▶ **Task prompt**:
Exclude the pictures, and otherwise reproduce the data in full.

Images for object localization

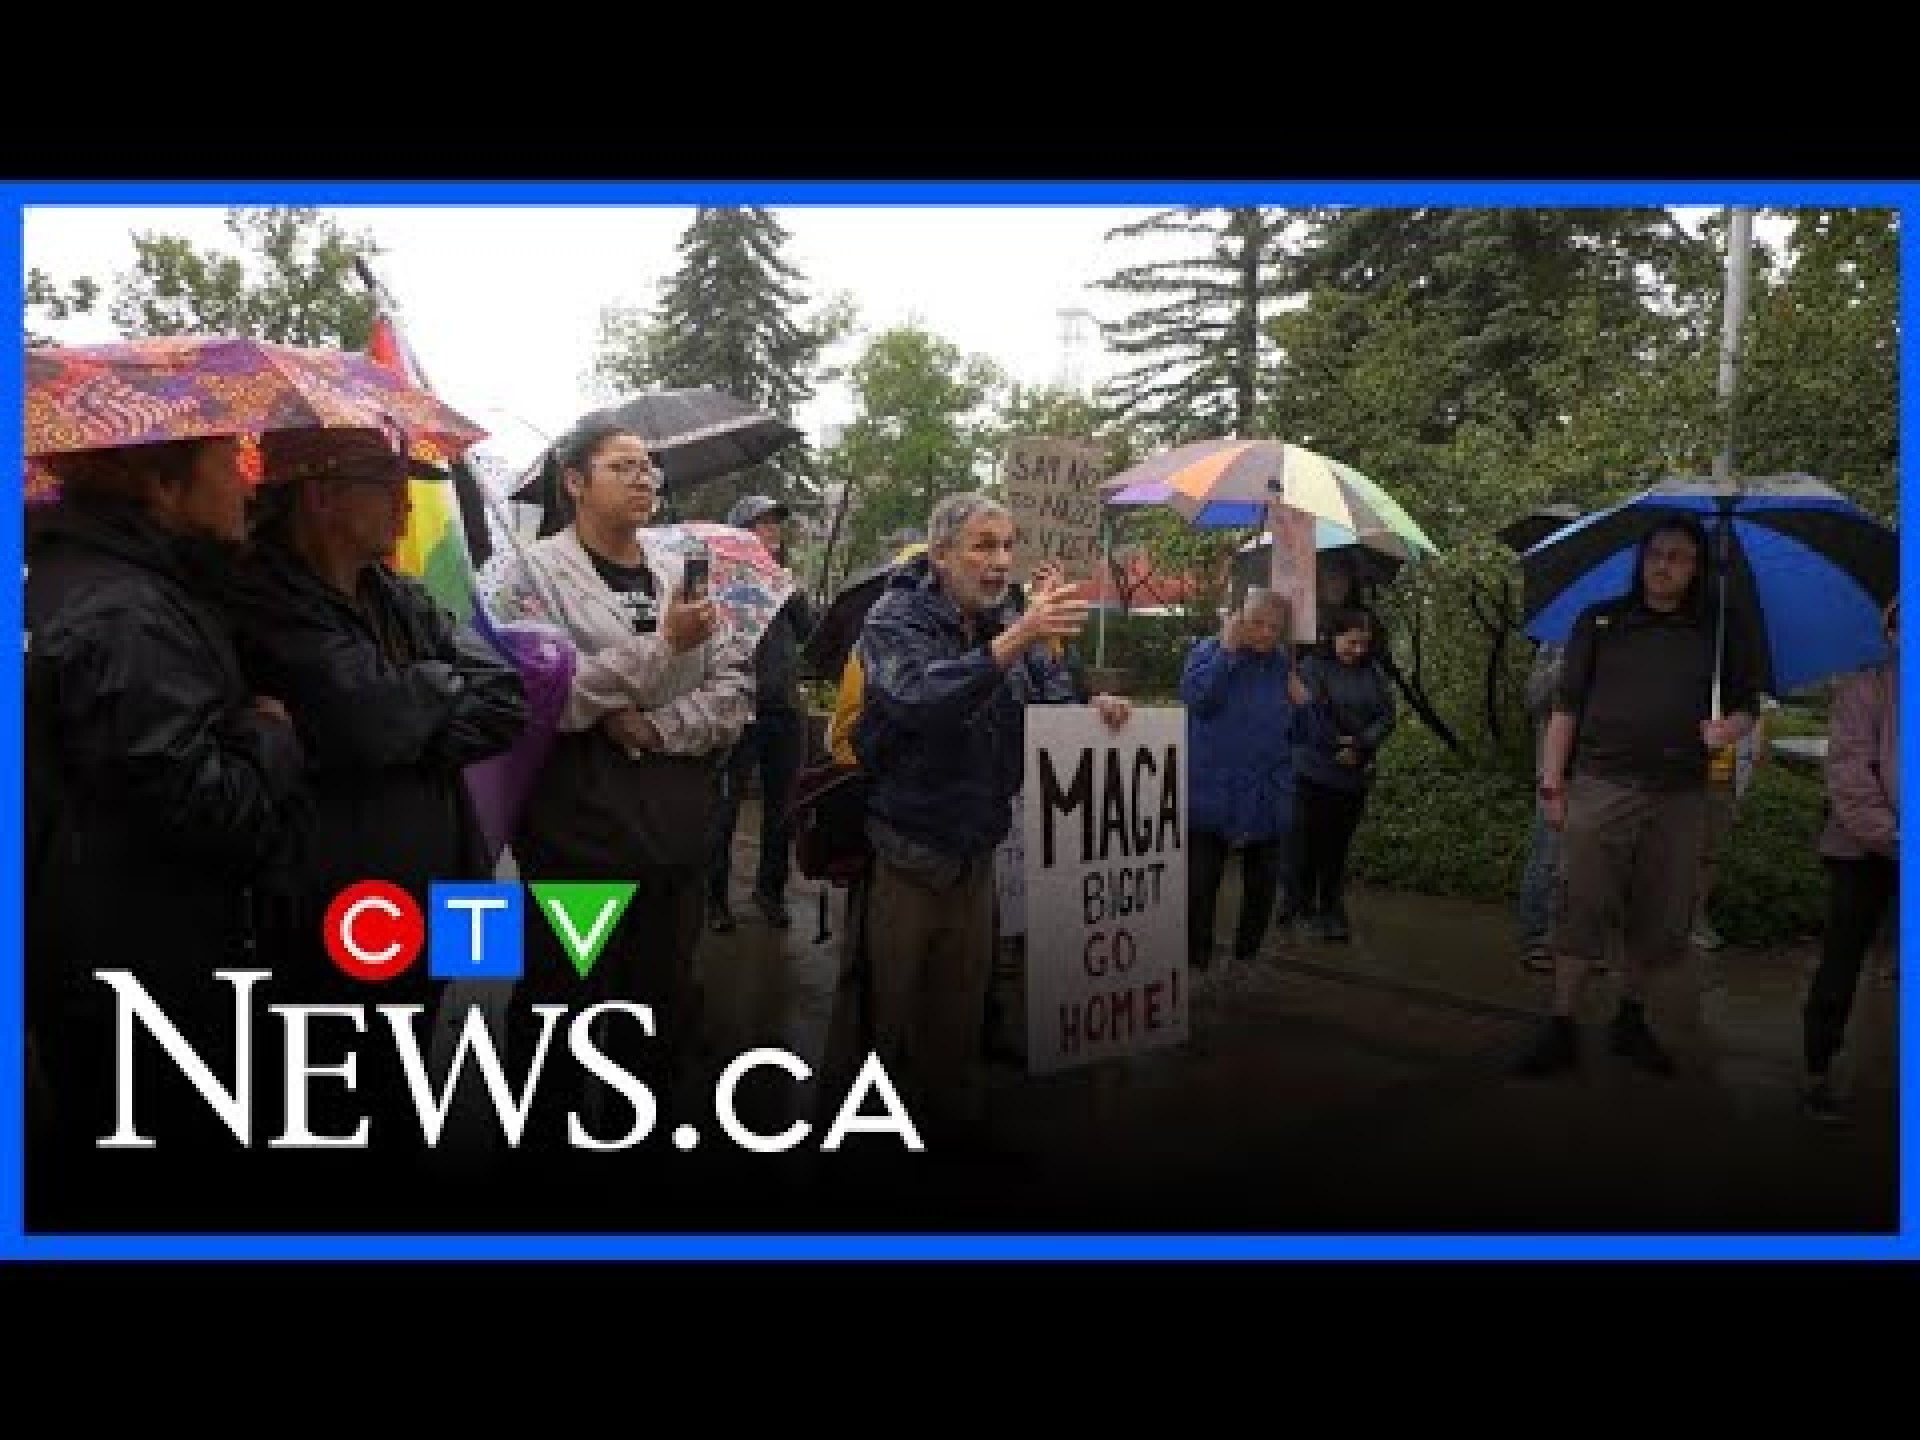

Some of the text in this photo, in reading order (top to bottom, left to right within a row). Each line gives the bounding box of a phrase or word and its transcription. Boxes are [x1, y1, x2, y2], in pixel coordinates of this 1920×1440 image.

[1011, 451, 1060, 484] SAY
[1036, 744, 1180, 868] MAGA
[1083, 860, 1164, 928] BIGOT
[1083, 928, 1136, 977] GO
[1059, 967, 1181, 1055] HOME!

▶ **Solution**:
Some of the text in this photo, in reading order (top to bottom, left to right within a row). Each line gives the bounding box of a phrase or word and its transcription. Boxes are [x1, y1, x2, y2], in pixel coordinates of this 1920×1440 image.

[1011, 451, 1060, 484] SAY
[1036, 744, 1180, 868] MAGA
[1083, 860, 1164, 928] BIGOT
[1083, 928, 1136, 977] GO
[1059, 967, 1181, 1055] HOME!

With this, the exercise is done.